Data records START

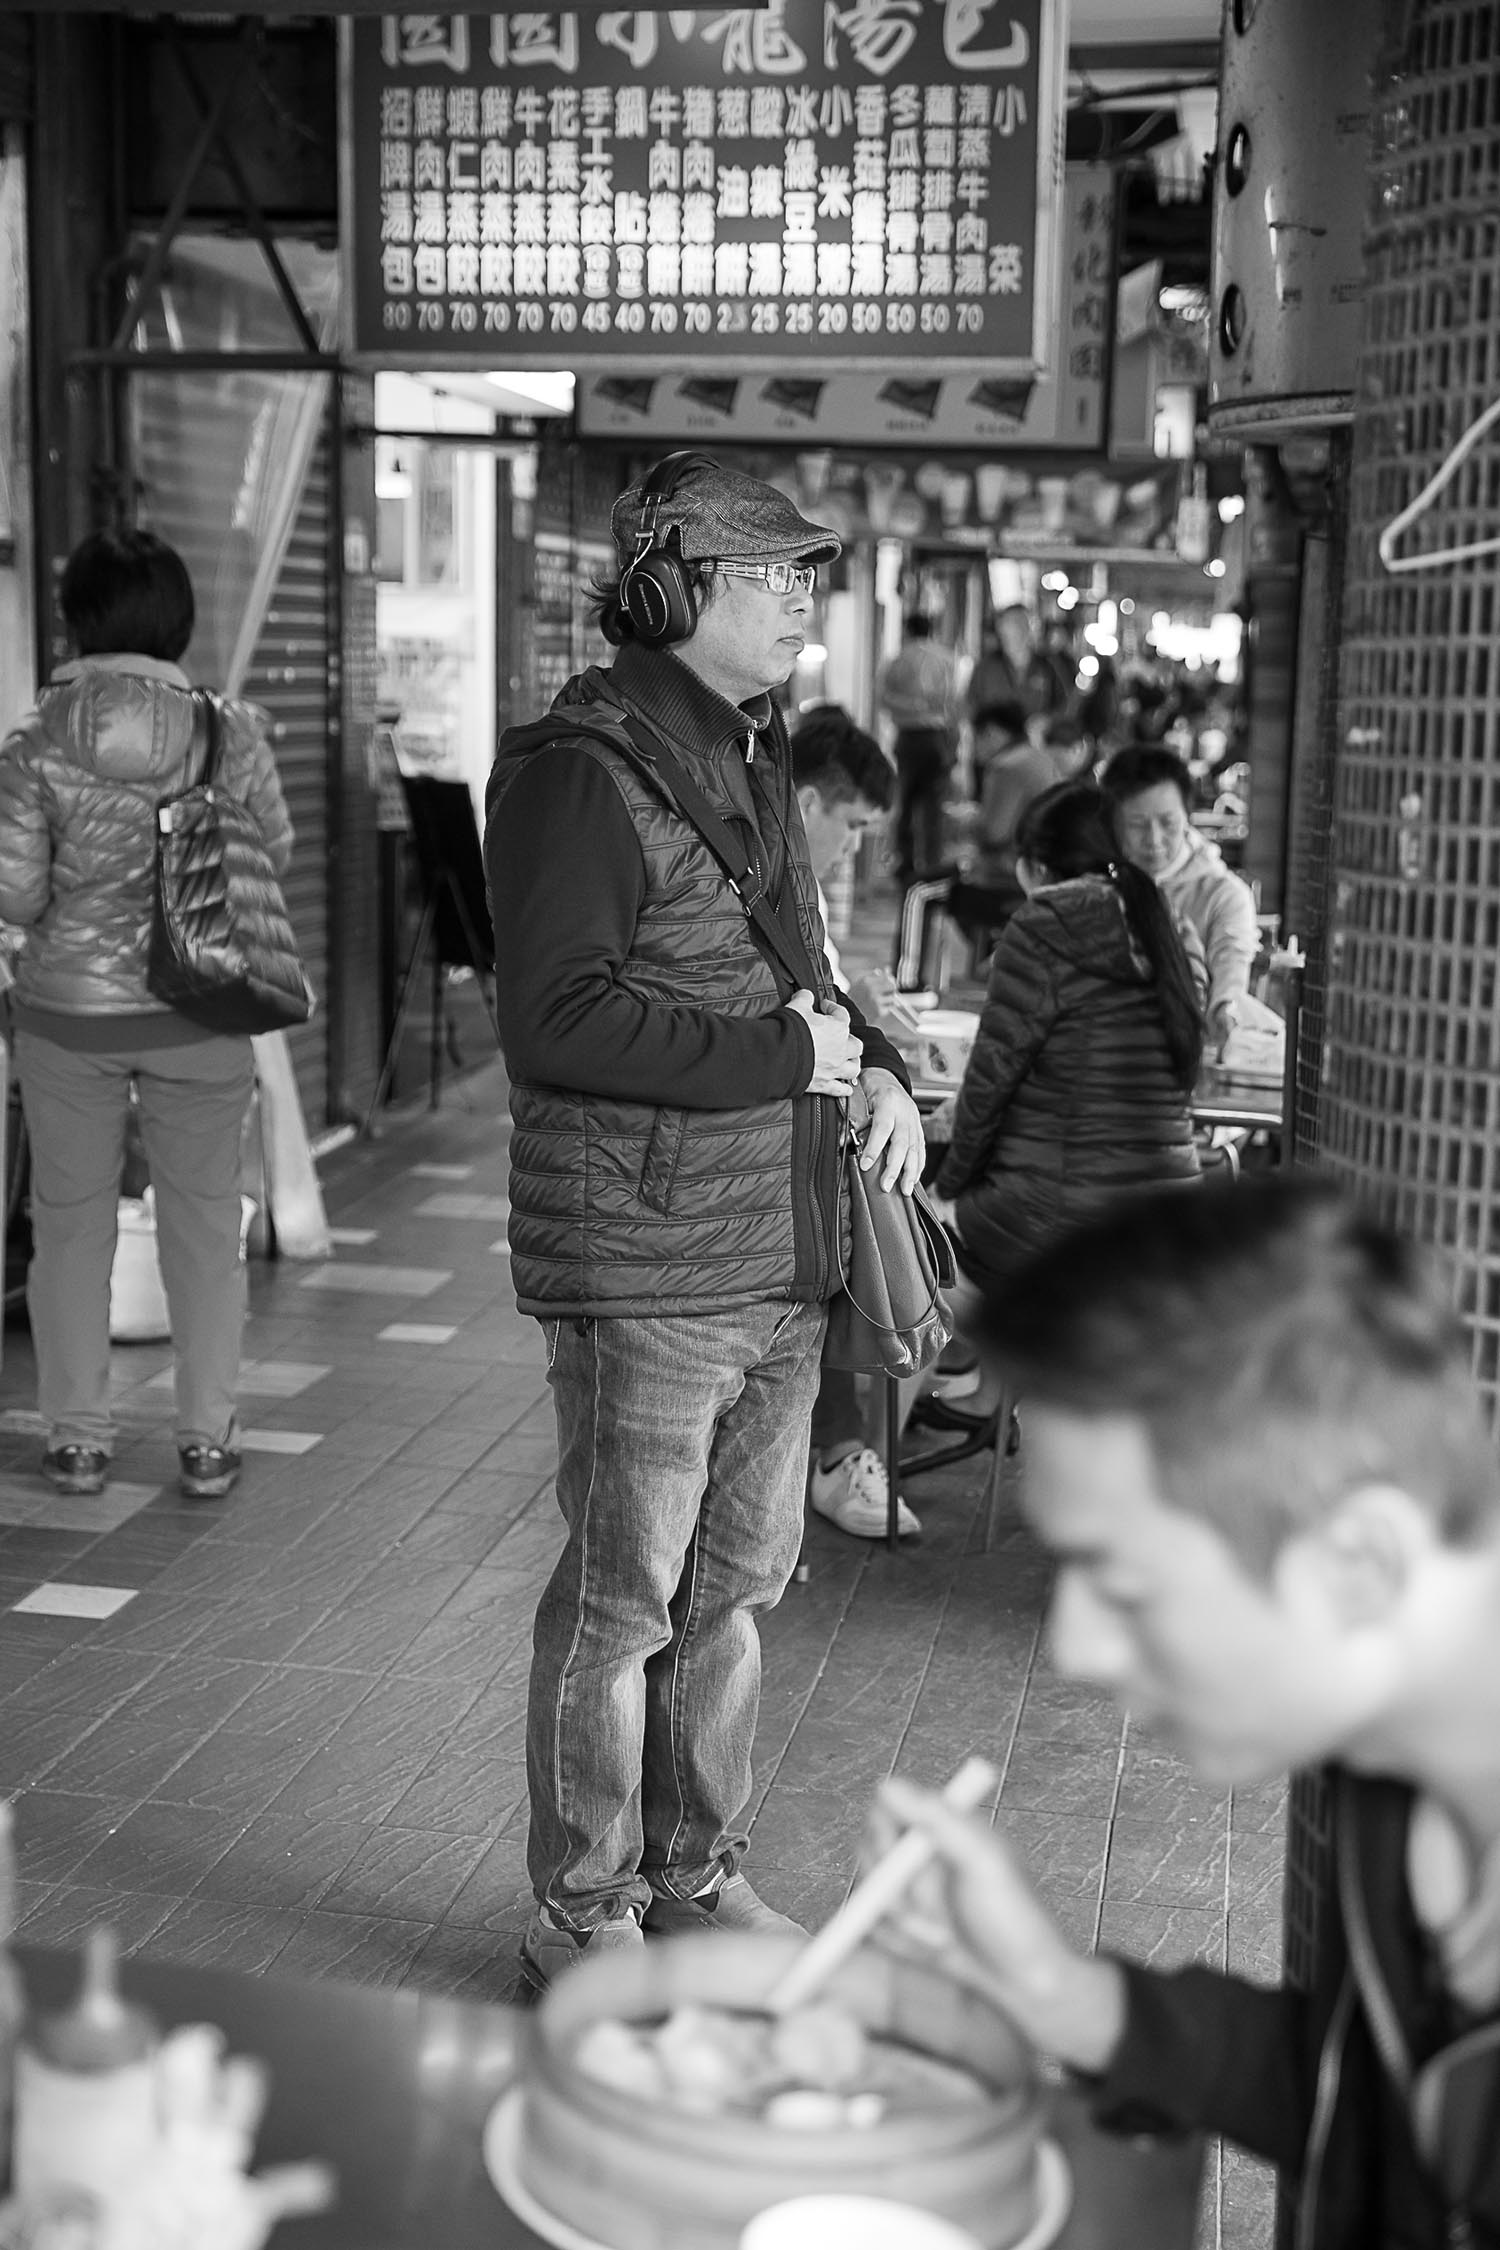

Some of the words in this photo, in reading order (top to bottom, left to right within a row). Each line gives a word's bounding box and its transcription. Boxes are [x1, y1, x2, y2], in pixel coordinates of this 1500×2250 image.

[382, 302, 411, 332] 80
[416, 302, 444, 332] 70
[449, 302, 477, 332] 70
[482, 302, 511, 333] 70
[515, 302, 544, 333] 70
[549, 302, 578, 333] 70
[581, 302, 611, 333] 45
[614, 302, 646, 333] 40
[648, 302, 679, 333] 70
[682, 302, 712, 333] 70
[750, 302, 780, 334] 25
[784, 302, 813, 334] 25
[817, 302, 848, 334] 20
[852, 302, 882, 334] 50
[886, 302, 916, 334] 50
[920, 302, 950, 333] 50
[956, 302, 984, 333] 70

Data records END

* [What the exercise asks]: Restate the listing word for word, pictures omitted.

* [Solution to this task]:
Some of the words in this photo, in reading order (top to bottom, left to right within a row). Each line gives a word's bounding box and its transcription. Boxes are [x1, y1, x2, y2], in pixel coordinates of this 1500×2250 image.

[382, 302, 411, 332] 80
[416, 302, 444, 332] 70
[449, 302, 477, 332] 70
[482, 302, 511, 333] 70
[515, 302, 544, 333] 70
[549, 302, 578, 333] 70
[581, 302, 611, 333] 45
[614, 302, 646, 333] 40
[648, 302, 679, 333] 70
[682, 302, 712, 333] 70
[750, 302, 780, 334] 25
[784, 302, 813, 334] 25
[817, 302, 848, 334] 20
[852, 302, 882, 334] 50
[886, 302, 916, 334] 50
[920, 302, 950, 333] 50
[956, 302, 984, 333] 70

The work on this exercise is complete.